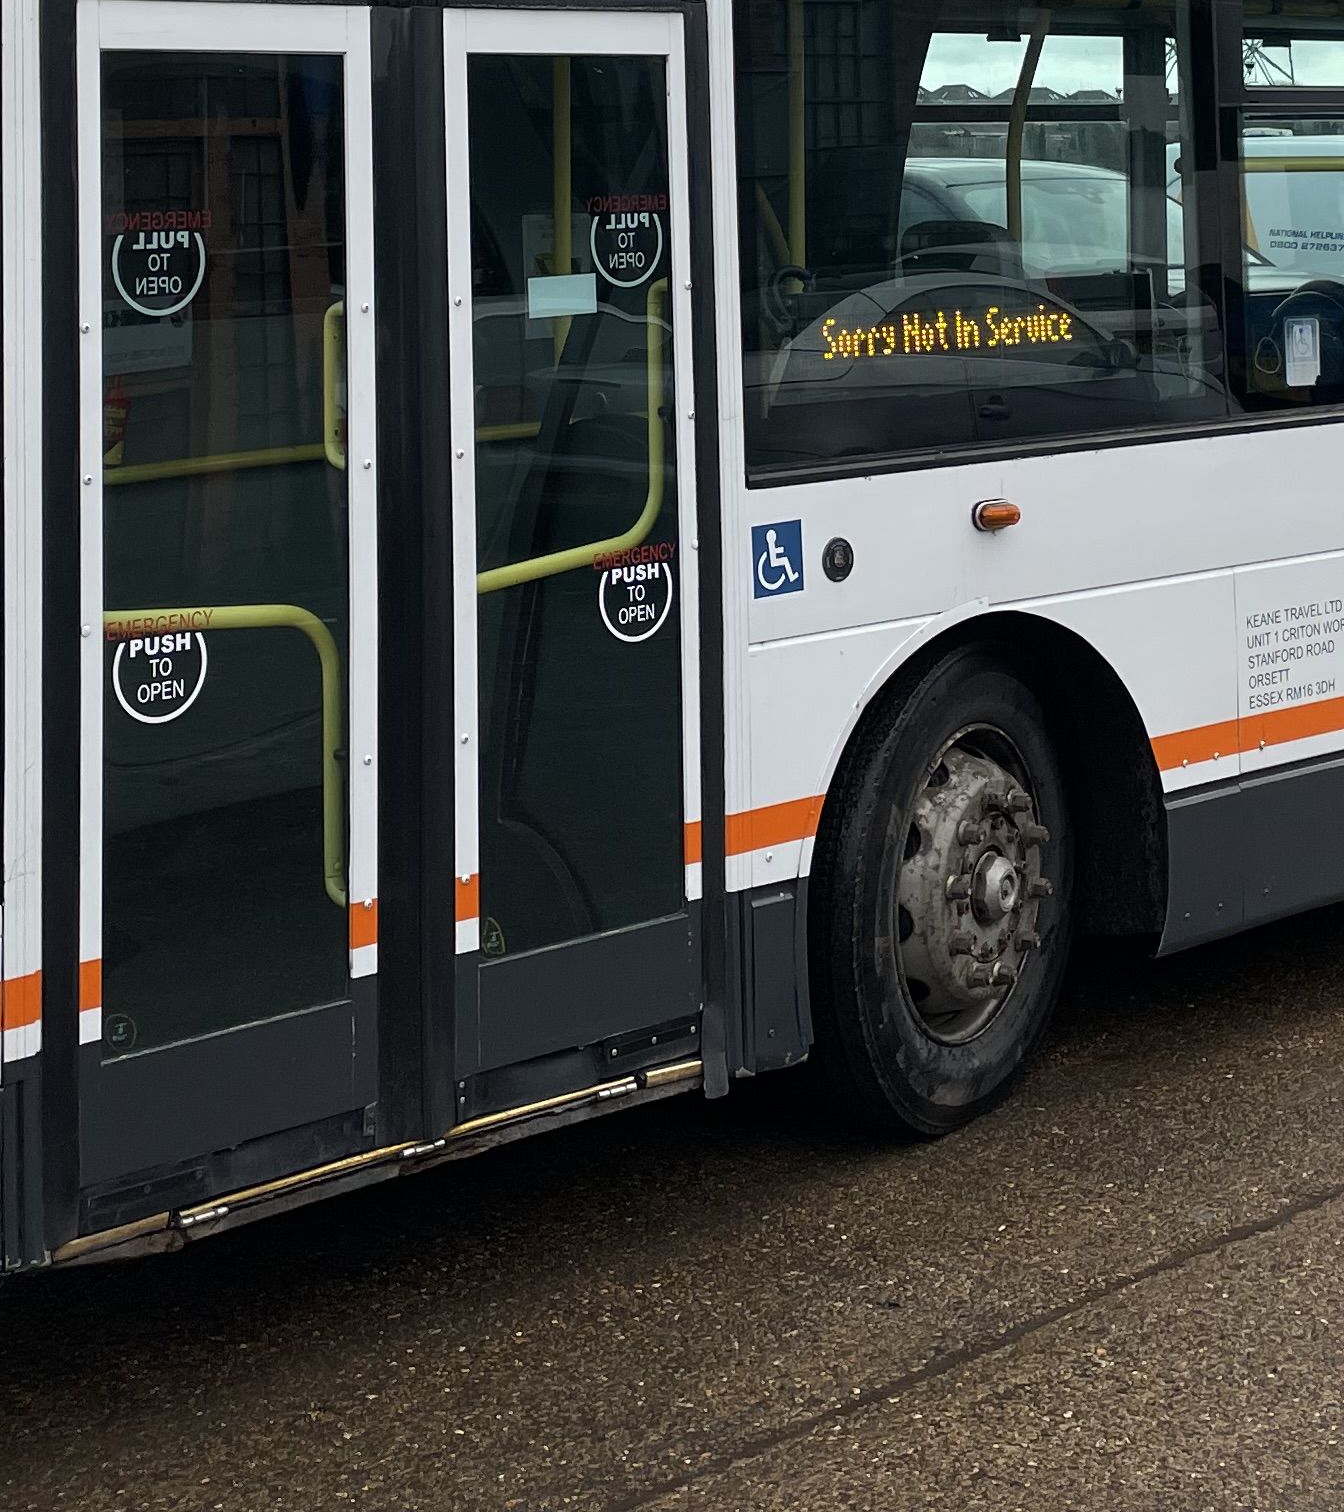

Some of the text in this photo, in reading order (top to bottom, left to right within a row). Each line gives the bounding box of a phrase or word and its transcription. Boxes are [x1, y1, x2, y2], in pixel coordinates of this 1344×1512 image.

[1268, 229, 1307, 239] NATIONAL
[1269, 240, 1298, 250] 0800
[823, 303, 1073, 360] Sorry Not In Service
[593, 542, 676, 571] EMERGENCY
[611, 562, 660, 585] PUSH
[626, 584, 646, 602] TO
[106, 609, 214, 641] EMERGENCY
[618, 603, 655, 624] OPEN
[1246, 599, 1343, 629] KEANE TRAVEL LTD
[129, 632, 191, 658] PUSH
[1247, 631, 1272, 649] UNIT
[1274, 630, 1279, 643] 1
[1282, 623, 1321, 642] CRITON
[149, 657, 173, 678] TO
[1248, 640, 1335, 669] STANFORD ROAD
[137, 678, 185, 704] OPEN
[1249, 668, 1291, 689] ORSETT
[1249, 678, 1336, 710] ESSEX RM16 3DH
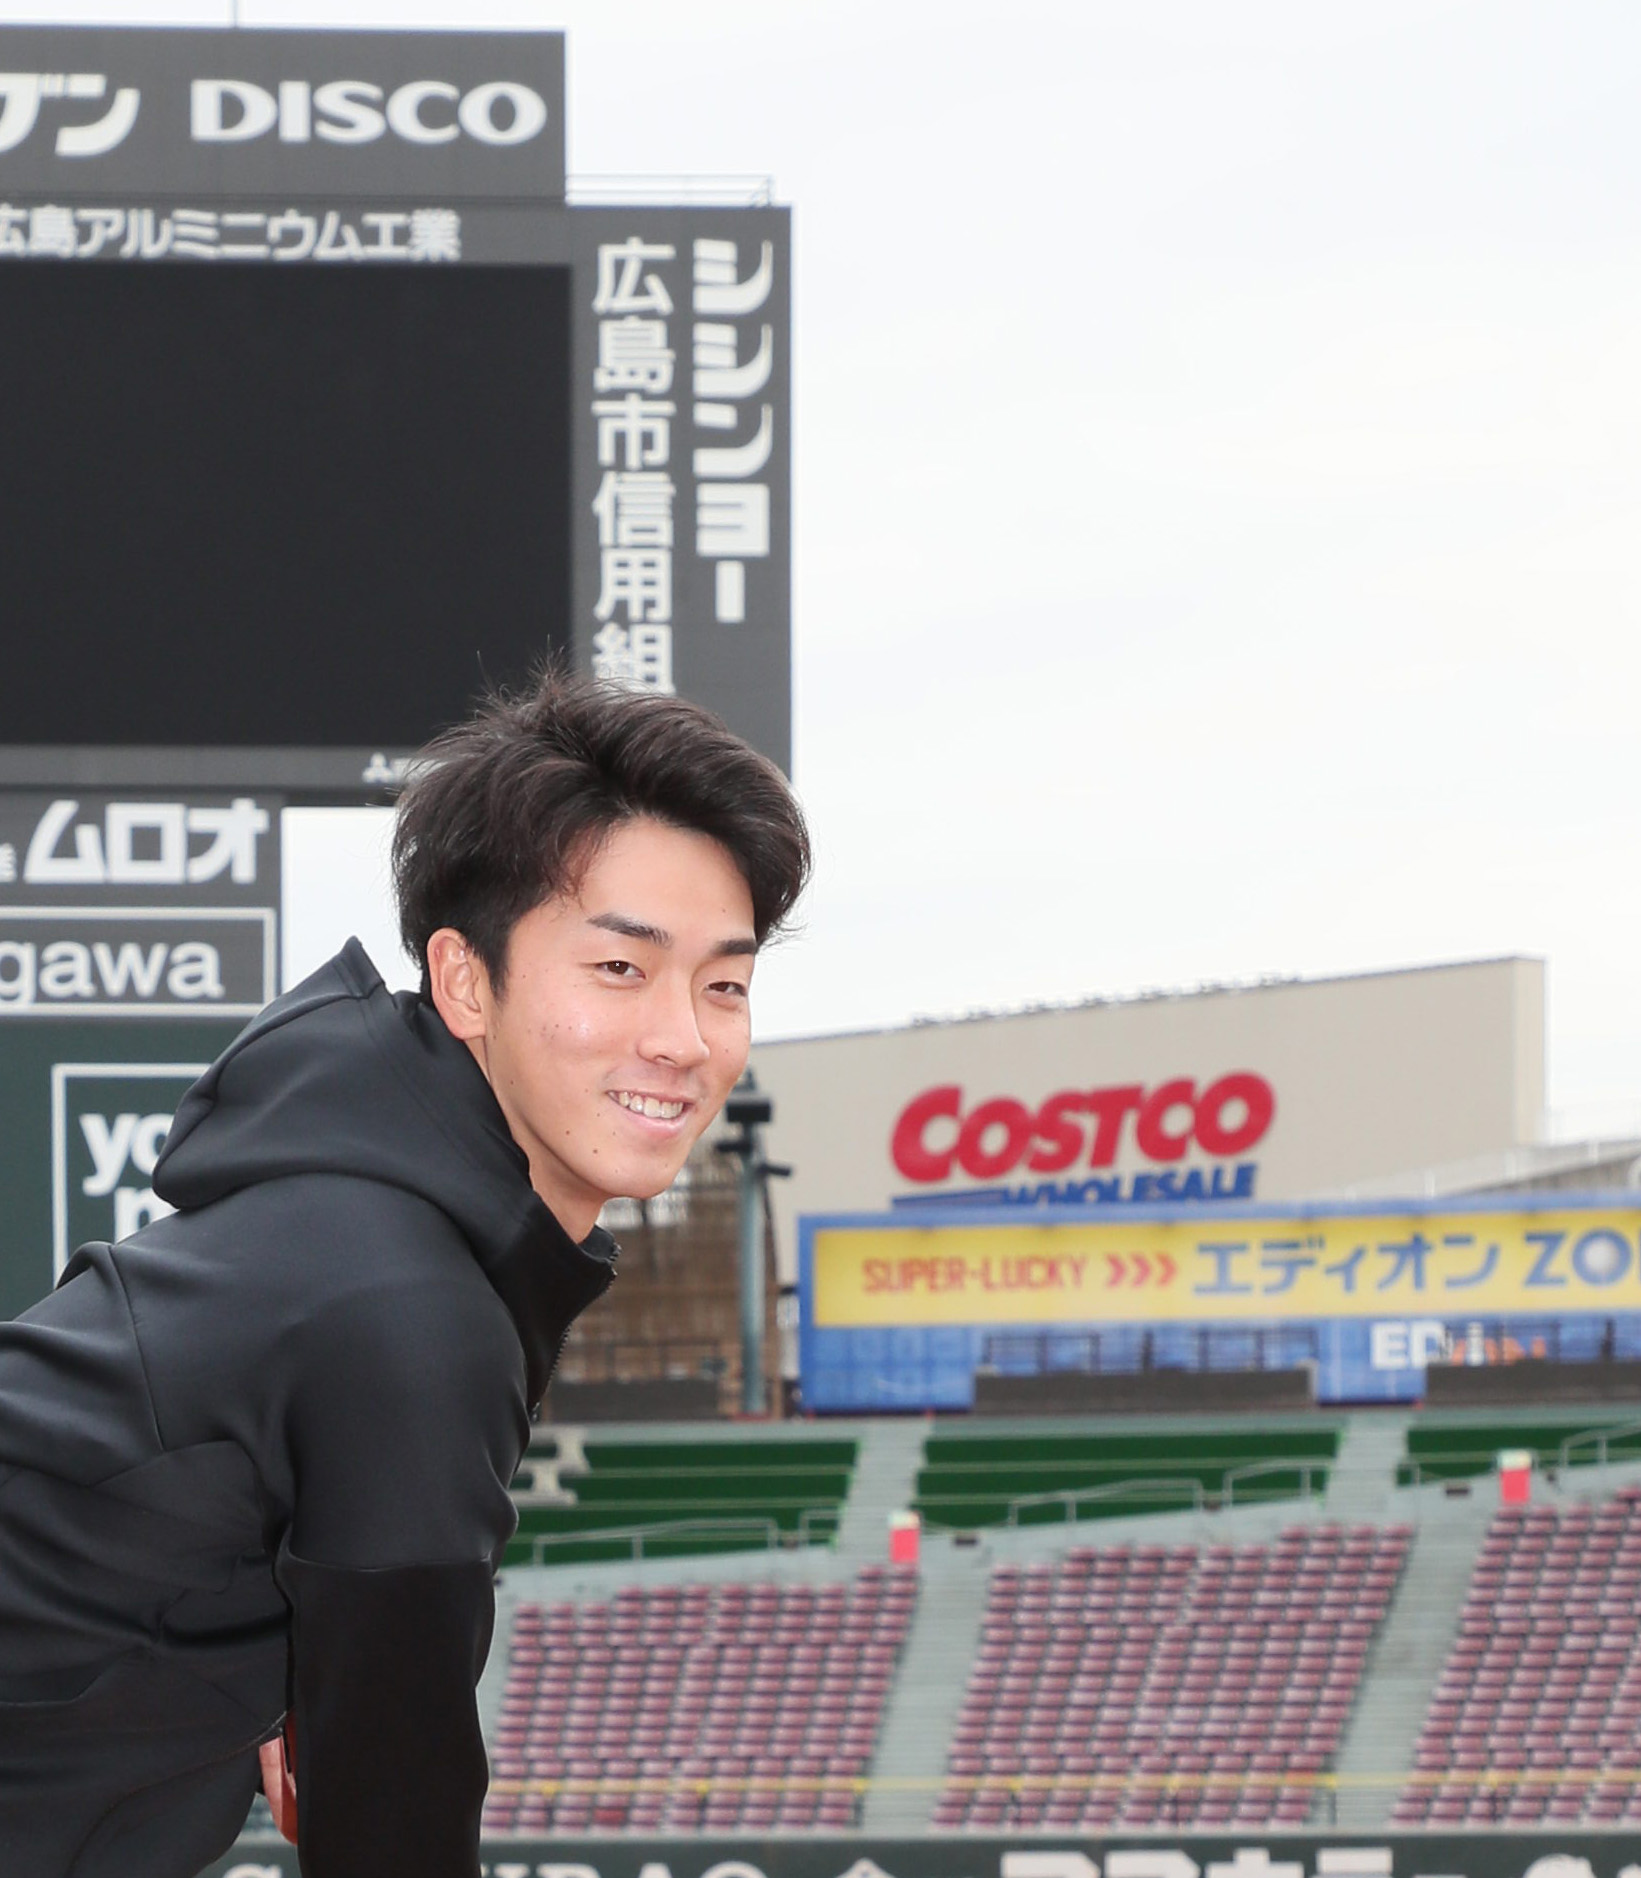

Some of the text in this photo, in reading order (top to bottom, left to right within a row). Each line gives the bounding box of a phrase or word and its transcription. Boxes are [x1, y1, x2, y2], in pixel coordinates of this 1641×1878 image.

[191, 80, 547, 144] DISCO
[693, 239, 772, 622] シシンヨー
[24, 799, 269, 884] ムロオ
[891, 1070, 1276, 1185] COSTCO
[1194, 1226, 1641, 1295] エディオン ZO

Your assignment.
Carry over each record above character for character, with the pictures left out.

Problem solution.
Some of the text in this photo, in reading order (top to bottom, left to right within a row). Each line gives the bounding box of a phrase or word and its transcription. Boxes are [x1, y1, x2, y2], in pixel coordinates of this 1344×1512 image.

[1268, 229, 1307, 239] NATIONAL
[1269, 240, 1298, 250] 0800
[823, 303, 1073, 360] Sorry Not In Service
[593, 542, 676, 571] EMERGENCY
[611, 562, 660, 585] PUSH
[626, 584, 646, 602] TO
[106, 609, 214, 641] EMERGENCY
[618, 603, 655, 624] OPEN
[1246, 599, 1343, 629] KEANE TRAVEL LTD
[129, 632, 191, 658] PUSH
[1247, 631, 1272, 649] UNIT
[1274, 630, 1279, 643] 1
[1282, 623, 1321, 642] CRITON
[149, 657, 173, 678] TO
[1248, 640, 1335, 669] STANFORD ROAD
[137, 678, 185, 704] OPEN
[1249, 668, 1291, 689] ORSETT
[1249, 678, 1336, 710] ESSEX RM16 3DH

Some of the text in this photo, in reading order (top to bottom, left to right within a row). Each line gives the bounding box of a phrase or word and its transcription. Boxes are [x1, y1, x2, y2], in pixel coordinates of this 1641×1878 image.

[191, 80, 547, 144] DISCO
[693, 239, 772, 622] シシンヨー
[24, 799, 269, 884] ムロオ
[891, 1070, 1276, 1185] COSTCO
[1194, 1226, 1641, 1295] エディオン ZO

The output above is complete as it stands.